- WORK TO BE COMPLETED
Exactly as they stand, set down all of the records again.

Start of Block

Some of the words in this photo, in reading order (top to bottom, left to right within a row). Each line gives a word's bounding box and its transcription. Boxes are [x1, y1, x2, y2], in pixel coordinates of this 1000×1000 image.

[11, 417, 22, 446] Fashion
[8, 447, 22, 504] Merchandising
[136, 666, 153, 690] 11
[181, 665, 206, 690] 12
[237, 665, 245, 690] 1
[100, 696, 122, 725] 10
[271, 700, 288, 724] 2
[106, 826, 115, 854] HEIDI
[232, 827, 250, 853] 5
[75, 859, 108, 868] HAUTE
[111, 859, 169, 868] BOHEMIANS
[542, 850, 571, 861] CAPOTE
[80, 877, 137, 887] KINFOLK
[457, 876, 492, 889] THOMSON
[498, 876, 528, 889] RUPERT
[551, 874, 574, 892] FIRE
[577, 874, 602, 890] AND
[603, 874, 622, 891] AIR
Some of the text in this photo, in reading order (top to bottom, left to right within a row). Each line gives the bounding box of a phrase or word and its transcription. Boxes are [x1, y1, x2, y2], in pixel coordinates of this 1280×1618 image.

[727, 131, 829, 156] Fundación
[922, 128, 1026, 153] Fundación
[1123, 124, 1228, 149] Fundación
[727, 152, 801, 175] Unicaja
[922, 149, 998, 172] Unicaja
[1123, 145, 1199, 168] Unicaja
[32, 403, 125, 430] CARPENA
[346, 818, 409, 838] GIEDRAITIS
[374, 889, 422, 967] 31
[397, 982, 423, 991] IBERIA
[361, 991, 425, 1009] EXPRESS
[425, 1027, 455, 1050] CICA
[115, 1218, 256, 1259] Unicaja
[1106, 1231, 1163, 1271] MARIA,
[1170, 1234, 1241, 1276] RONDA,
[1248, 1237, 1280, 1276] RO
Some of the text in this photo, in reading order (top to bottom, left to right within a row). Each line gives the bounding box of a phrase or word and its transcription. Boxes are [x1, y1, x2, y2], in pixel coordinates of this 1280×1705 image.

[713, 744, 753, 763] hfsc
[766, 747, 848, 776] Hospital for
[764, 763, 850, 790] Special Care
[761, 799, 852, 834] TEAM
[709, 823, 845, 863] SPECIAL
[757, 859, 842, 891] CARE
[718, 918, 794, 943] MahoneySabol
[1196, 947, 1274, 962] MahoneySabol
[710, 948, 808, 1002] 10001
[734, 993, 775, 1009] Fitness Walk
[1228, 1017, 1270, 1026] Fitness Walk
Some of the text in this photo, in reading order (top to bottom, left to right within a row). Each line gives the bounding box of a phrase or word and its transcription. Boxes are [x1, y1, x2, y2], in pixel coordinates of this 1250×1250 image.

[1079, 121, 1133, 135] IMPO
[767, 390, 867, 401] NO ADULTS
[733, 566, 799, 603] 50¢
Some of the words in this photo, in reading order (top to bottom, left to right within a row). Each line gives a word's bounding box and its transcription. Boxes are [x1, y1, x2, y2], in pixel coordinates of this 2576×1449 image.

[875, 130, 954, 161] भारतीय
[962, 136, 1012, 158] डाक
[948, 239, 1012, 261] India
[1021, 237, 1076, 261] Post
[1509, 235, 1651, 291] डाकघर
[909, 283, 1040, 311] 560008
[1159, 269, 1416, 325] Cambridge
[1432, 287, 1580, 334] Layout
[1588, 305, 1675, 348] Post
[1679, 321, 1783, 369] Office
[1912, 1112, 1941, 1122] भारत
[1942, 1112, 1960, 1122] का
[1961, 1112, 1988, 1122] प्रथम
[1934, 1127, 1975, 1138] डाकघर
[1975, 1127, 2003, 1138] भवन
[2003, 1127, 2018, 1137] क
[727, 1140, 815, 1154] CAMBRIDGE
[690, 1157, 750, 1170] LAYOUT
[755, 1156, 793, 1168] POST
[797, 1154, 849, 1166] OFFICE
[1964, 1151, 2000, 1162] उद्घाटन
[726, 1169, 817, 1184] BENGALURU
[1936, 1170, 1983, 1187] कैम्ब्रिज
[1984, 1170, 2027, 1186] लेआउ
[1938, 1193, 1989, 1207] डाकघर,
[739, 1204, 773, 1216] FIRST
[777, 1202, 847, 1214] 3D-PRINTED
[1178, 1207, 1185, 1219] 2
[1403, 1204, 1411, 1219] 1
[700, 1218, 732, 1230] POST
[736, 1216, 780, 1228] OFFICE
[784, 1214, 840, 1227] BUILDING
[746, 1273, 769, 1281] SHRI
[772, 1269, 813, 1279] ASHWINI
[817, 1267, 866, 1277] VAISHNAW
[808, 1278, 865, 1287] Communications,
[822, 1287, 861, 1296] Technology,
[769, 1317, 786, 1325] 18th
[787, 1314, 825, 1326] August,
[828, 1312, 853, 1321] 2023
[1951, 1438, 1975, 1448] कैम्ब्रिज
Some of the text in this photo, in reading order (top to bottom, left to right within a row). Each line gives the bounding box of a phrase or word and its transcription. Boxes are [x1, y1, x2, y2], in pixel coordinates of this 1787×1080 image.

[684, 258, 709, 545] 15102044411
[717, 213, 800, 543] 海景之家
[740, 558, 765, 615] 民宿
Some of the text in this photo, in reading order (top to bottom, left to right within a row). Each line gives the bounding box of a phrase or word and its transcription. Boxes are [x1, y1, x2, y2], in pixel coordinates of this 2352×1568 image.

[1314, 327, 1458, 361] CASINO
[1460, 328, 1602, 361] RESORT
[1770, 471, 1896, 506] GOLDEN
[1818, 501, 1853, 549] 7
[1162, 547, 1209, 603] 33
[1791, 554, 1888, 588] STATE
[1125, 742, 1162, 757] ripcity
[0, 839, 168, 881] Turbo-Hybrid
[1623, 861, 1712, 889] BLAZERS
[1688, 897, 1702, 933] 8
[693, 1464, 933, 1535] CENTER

End of Block

- SOLUTION TO THIS EXERCISE
Some of the words in this photo, in reading order (top to bottom, left to right within a row). Each line gives a word's bounding box and its transcription. Boxes are [x1, y1, x2, y2], in pixel coordinates of this 1000×1000 image.

[11, 417, 22, 446] Fashion
[8, 447, 22, 504] Merchandising
[136, 666, 153, 690] 11
[181, 665, 206, 690] 12
[237, 665, 245, 690] 1
[100, 696, 122, 725] 10
[271, 700, 288, 724] 2
[106, 826, 115, 854] HEIDI
[232, 827, 250, 853] 5
[75, 859, 108, 868] HAUTE
[111, 859, 169, 868] BOHEMIANS
[542, 850, 571, 861] CAPOTE
[80, 877, 137, 887] KINFOLK
[457, 876, 492, 889] THOMSON
[498, 876, 528, 889] RUPERT
[551, 874, 574, 892] FIRE
[577, 874, 602, 890] AND
[603, 874, 622, 891] AIR
Some of the text in this photo, in reading order (top to bottom, left to right within a row). Each line gives the bounding box of a phrase or word and its transcription. Boxes are [x1, y1, x2, y2], in pixel coordinates of this 1280×1618 image.

[727, 131, 829, 156] Fundación
[922, 128, 1026, 153] Fundación
[1123, 124, 1228, 149] Fundación
[727, 152, 801, 175] Unicaja
[922, 149, 998, 172] Unicaja
[1123, 145, 1199, 168] Unicaja
[32, 403, 125, 430] CARPENA
[346, 818, 409, 838] GIEDRAITIS
[374, 889, 422, 967] 31
[397, 982, 423, 991] IBERIA
[361, 991, 425, 1009] EXPRESS
[425, 1027, 455, 1050] CICA
[115, 1218, 256, 1259] Unicaja
[1106, 1231, 1163, 1271] MARIA,
[1170, 1234, 1241, 1276] RONDA,
[1248, 1237, 1280, 1276] RO
Some of the text in this photo, in reading order (top to bottom, left to right within a row). Each line gives the bounding box of a phrase or word and its transcription. Boxes are [x1, y1, x2, y2], in pixel coordinates of this 1280×1705 image.

[713, 744, 753, 763] hfsc
[766, 747, 848, 776] Hospital for
[764, 763, 850, 790] Special Care
[761, 799, 852, 834] TEAM
[709, 823, 845, 863] SPECIAL
[757, 859, 842, 891] CARE
[718, 918, 794, 943] MahoneySabol
[1196, 947, 1274, 962] MahoneySabol
[710, 948, 808, 1002] 10001
[734, 993, 775, 1009] Fitness Walk
[1228, 1017, 1270, 1026] Fitness Walk
Some of the text in this photo, in reading order (top to bottom, left to right within a row). Each line gives the bounding box of a phrase or word and its transcription. Boxes are [x1, y1, x2, y2], in pixel coordinates of this 1250×1250 image.

[1079, 121, 1133, 135] IMPO
[767, 390, 867, 401] NO ADULTS
[733, 566, 799, 603] 50¢
Some of the words in this photo, in reading order (top to bottom, left to right within a row). Each line gives a word's bounding box and its transcription. Boxes are [x1, y1, x2, y2], in pixel coordinates of this 2576×1449 image.

[875, 130, 954, 161] भारतीय
[962, 136, 1012, 158] डाक
[948, 239, 1012, 261] India
[1021, 237, 1076, 261] Post
[1509, 235, 1651, 291] डाकघर
[909, 283, 1040, 311] 560008
[1159, 269, 1416, 325] Cambridge
[1432, 287, 1580, 334] Layout
[1588, 305, 1675, 348] Post
[1679, 321, 1783, 369] Office
[1912, 1112, 1941, 1122] भारत
[1942, 1112, 1960, 1122] का
[1961, 1112, 1988, 1122] प्रथम
[1934, 1127, 1975, 1138] डाकघर
[1975, 1127, 2003, 1138] भवन
[2003, 1127, 2018, 1137] क
[727, 1140, 815, 1154] CAMBRIDGE
[690, 1157, 750, 1170] LAYOUT
[755, 1156, 793, 1168] POST
[797, 1154, 849, 1166] OFFICE
[1964, 1151, 2000, 1162] उद्घाटन
[726, 1169, 817, 1184] BENGALURU
[1936, 1170, 1983, 1187] कैम्ब्रिज
[1984, 1170, 2027, 1186] लेआउ
[1938, 1193, 1989, 1207] डाकघर,
[739, 1204, 773, 1216] FIRST
[777, 1202, 847, 1214] 3D-PRINTED
[1178, 1207, 1185, 1219] 2
[1403, 1204, 1411, 1219] 1
[700, 1218, 732, 1230] POST
[736, 1216, 780, 1228] OFFICE
[784, 1214, 840, 1227] BUILDING
[746, 1273, 769, 1281] SHRI
[772, 1269, 813, 1279] ASHWINI
[817, 1267, 866, 1277] VAISHNAW
[808, 1278, 865, 1287] Communications,
[822, 1287, 861, 1296] Technology,
[769, 1317, 786, 1325] 18th
[787, 1314, 825, 1326] August,
[828, 1312, 853, 1321] 2023
[1951, 1438, 1975, 1448] कैम्ब्रिज
Some of the text in this photo, in reading order (top to bottom, left to right within a row). Each line gives the bounding box of a phrase or word and its transcription. Boxes are [x1, y1, x2, y2], in pixel coordinates of this 1787×1080 image.

[684, 258, 709, 545] 15102044411
[717, 213, 800, 543] 海景之家
[740, 558, 765, 615] 民宿
Some of the text in this photo, in reading order (top to bottom, left to right within a row). Each line gives the bounding box of a phrase or word and its transcription. Boxes are [x1, y1, x2, y2], in pixel coordinates of this 2352×1568 image.

[1314, 327, 1458, 361] CASINO
[1460, 328, 1602, 361] RESORT
[1770, 471, 1896, 506] GOLDEN
[1818, 501, 1853, 549] 7
[1162, 547, 1209, 603] 33
[1791, 554, 1888, 588] STATE
[1125, 742, 1162, 757] ripcity
[0, 839, 168, 881] Turbo-Hybrid
[1623, 861, 1712, 889] BLAZERS
[1688, 897, 1702, 933] 8
[693, 1464, 933, 1535] CENTER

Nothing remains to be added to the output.